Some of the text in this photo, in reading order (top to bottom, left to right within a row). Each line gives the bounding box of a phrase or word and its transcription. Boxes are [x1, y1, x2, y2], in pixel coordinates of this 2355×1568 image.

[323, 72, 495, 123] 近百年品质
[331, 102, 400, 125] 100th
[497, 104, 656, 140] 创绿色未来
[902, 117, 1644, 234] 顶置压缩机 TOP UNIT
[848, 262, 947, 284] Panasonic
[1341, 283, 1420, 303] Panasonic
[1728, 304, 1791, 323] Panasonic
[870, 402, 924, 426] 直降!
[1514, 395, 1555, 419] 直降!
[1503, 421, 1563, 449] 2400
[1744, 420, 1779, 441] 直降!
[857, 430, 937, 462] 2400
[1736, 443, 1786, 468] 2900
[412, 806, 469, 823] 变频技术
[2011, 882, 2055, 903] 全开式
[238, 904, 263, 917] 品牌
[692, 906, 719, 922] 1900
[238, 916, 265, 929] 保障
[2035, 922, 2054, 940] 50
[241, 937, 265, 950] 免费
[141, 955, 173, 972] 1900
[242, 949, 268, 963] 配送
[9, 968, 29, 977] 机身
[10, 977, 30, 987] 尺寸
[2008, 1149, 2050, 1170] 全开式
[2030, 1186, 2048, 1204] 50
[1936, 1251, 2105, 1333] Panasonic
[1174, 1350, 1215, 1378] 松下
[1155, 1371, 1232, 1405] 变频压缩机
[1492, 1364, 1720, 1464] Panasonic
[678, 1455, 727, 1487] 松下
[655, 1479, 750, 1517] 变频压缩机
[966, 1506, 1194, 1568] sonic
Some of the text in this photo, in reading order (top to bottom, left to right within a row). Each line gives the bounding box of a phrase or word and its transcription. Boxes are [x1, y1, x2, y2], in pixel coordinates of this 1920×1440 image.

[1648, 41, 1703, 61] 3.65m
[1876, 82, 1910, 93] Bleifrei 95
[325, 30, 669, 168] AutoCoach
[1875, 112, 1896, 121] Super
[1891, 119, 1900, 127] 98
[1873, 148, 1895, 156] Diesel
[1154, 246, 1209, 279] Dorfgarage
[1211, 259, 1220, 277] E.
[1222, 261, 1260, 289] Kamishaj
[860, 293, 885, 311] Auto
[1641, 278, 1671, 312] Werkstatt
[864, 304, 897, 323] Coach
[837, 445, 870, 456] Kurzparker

* **What to work on**
The response should be an exact copy of the lines from the one with "this 1920×1440 image." through the end of the data, with no other text.

* **Reply to the task**
Some of the text in this photo, in reading order (top to bottom, left to right within a row). Each line gives the bounding box of a phrase or word and its transcription. Boxes are [x1, y1, x2, y2], in pixel coordinates of this 1920×1440 image.

[1648, 41, 1703, 61] 3.65m
[1876, 82, 1910, 93] Bleifrei 95
[325, 30, 669, 168] AutoCoach
[1875, 112, 1896, 121] Super
[1891, 119, 1900, 127] 98
[1873, 148, 1895, 156] Diesel
[1154, 246, 1209, 279] Dorfgarage
[1211, 259, 1220, 277] E.
[1222, 261, 1260, 289] Kamishaj
[860, 293, 885, 311] Auto
[1641, 278, 1671, 312] Werkstatt
[864, 304, 897, 323] Coach
[837, 445, 870, 456] Kurzparker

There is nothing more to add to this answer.